**WORK TO BE COMPLETED**. Below are entries to be transcribed exactly; exclude the pictures from the copy.

MATERIALS PROVIDED: Begin

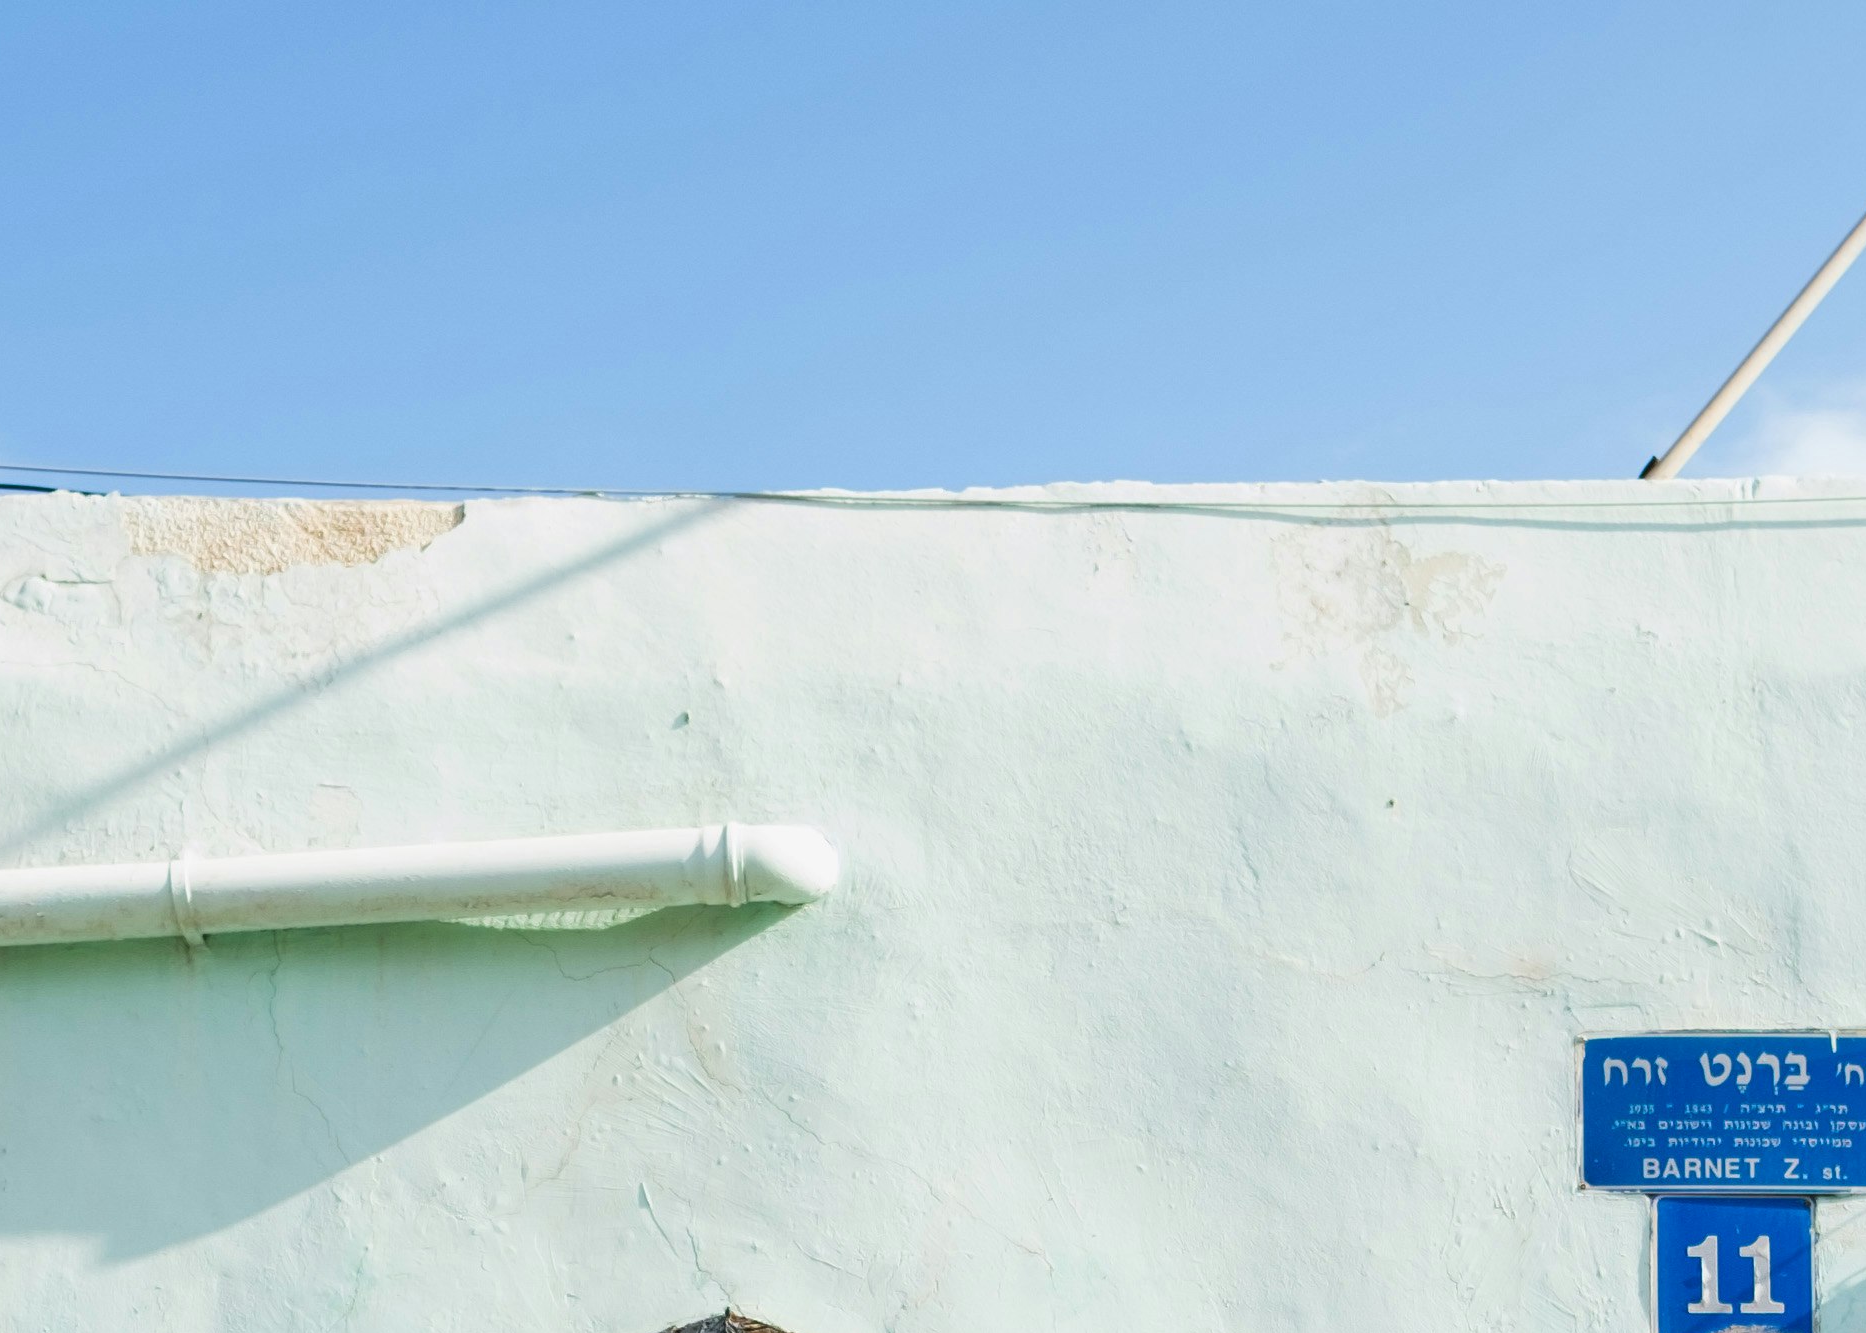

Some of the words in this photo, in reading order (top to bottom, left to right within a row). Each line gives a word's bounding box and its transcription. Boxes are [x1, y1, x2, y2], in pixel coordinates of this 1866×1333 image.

[1603, 1056, 1668, 1087] זרח
[1643, 1157, 1760, 1180] BARNET
[1784, 1158, 1809, 1180] Z.
[1822, 1165, 1848, 1180] st.
[1687, 1235, 1785, 1314] 11

MATERIALS PROVIDED: End

**ANSWER AREA**.
Some of the words in this photo, in reading order (top to bottom, left to right within a row). Each line gives a word's bounding box and its transcription. Boxes are [x1, y1, x2, y2], in pixel coordinates of this 1866×1333 image.

[1603, 1056, 1668, 1087] זרח
[1643, 1157, 1760, 1180] BARNET
[1784, 1158, 1809, 1180] Z.
[1822, 1165, 1848, 1180] st.
[1687, 1235, 1785, 1314] 11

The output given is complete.